Loving v. Virginia is an opera strongly focused on duality: the family versus the state, morality versus the law. The idea of opposition is embedded in the title. Mezzo-soprano Denyce Graves-Montgomery, who directed the production, leveraged this dynamic. The simple but effective set design by Mikiko Suzuki MacAdams deployed sets of doors to stand for the Jeters’ and Lovings’ homes in Virginia. This device underlined the danger of crossing the threshold between private and public space as the Lovings could freely be together indoors while stepping outside risked legal sanction. McAdams’ contrasting projections of pastoral Caroline County fields and dark, claustrophobic mid-century DC spoke to the Lovings’ homesickness. (A set piece of a DC stoplight bristling with a confusing mass of signage struck this resident of the nation’s capital as highly accurate.)
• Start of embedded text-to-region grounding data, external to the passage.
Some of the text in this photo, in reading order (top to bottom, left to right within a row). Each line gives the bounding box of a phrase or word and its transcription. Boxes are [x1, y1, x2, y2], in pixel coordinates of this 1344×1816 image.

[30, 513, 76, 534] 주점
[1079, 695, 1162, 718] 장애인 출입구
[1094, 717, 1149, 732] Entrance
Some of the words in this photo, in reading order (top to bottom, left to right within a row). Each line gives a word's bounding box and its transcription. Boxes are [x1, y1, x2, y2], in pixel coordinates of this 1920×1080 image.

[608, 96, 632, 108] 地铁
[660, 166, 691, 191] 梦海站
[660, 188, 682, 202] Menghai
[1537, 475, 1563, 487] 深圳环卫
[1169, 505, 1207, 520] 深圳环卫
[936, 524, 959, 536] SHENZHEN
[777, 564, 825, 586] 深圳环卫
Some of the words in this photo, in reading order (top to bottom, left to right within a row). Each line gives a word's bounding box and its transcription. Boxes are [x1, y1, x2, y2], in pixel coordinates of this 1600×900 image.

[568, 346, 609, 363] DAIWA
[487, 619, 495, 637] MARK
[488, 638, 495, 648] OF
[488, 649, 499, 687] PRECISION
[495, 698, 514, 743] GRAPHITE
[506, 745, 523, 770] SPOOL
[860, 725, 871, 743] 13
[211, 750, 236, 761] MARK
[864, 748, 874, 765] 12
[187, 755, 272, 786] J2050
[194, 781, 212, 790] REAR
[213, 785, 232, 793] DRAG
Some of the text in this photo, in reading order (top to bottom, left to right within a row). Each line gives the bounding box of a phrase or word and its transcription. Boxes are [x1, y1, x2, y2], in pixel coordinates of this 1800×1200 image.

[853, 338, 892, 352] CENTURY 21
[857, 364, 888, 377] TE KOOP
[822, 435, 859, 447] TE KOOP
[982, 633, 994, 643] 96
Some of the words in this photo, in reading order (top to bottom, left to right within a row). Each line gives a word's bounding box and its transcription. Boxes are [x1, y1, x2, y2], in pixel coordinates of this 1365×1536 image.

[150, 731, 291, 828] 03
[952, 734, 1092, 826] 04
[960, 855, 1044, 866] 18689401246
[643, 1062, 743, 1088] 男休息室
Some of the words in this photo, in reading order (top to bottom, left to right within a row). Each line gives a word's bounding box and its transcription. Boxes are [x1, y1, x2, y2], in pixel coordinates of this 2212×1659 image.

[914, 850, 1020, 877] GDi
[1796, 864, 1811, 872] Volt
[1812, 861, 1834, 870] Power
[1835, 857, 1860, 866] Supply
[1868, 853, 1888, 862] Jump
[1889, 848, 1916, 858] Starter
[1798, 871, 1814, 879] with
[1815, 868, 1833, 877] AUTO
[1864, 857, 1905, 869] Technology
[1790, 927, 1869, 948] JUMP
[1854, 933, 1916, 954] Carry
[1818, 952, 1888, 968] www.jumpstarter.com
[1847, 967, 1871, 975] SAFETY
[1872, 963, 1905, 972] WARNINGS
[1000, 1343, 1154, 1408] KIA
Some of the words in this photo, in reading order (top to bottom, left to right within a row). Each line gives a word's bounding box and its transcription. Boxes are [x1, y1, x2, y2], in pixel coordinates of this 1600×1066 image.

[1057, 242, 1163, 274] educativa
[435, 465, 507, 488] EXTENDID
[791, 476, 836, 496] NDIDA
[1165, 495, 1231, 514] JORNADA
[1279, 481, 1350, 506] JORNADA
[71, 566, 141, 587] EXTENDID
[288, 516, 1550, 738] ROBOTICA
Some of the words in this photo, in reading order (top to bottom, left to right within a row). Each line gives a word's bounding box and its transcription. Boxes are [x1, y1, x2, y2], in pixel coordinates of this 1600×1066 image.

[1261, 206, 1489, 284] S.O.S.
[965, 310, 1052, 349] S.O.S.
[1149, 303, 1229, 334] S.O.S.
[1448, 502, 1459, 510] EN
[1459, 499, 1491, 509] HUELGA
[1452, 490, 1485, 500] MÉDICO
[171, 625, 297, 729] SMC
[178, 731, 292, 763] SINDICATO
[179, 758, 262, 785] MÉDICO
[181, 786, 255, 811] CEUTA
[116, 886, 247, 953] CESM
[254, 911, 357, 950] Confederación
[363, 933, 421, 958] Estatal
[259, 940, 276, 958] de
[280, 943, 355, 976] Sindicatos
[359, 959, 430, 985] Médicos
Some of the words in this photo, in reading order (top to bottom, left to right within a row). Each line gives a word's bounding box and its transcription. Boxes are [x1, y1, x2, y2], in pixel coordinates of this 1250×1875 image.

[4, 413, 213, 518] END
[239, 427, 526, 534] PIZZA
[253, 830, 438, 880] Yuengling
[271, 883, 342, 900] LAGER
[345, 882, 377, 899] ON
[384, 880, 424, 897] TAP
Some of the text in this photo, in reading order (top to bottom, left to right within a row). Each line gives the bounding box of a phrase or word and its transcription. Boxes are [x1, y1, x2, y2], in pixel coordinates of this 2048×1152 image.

Graves-Montgomery’s blocking of the Law Chorus, whether moving as a phalanx across the stage or crowding Mildred Loving in her claustrophobic jail cell, lent insights to the production, though the masks obscuring their faces suggested the Man in the Iron Mask more than the long arm of the law. Period-appropriate costumes by Jessica Jahn gave the production an immersive quality, while thoughtful lighting by Xavier Pierce emphasized the opera’s themes by placing the Lovings in stark visual opposition to the unjust society in which they lived. Virginia Opera will continue its commitment to contemporary work and exploration of the commonwealth’s history next season with a production of Jake Heggie and Gene Scheer’s Intelligence, an opera about Civil War spies in Richmond.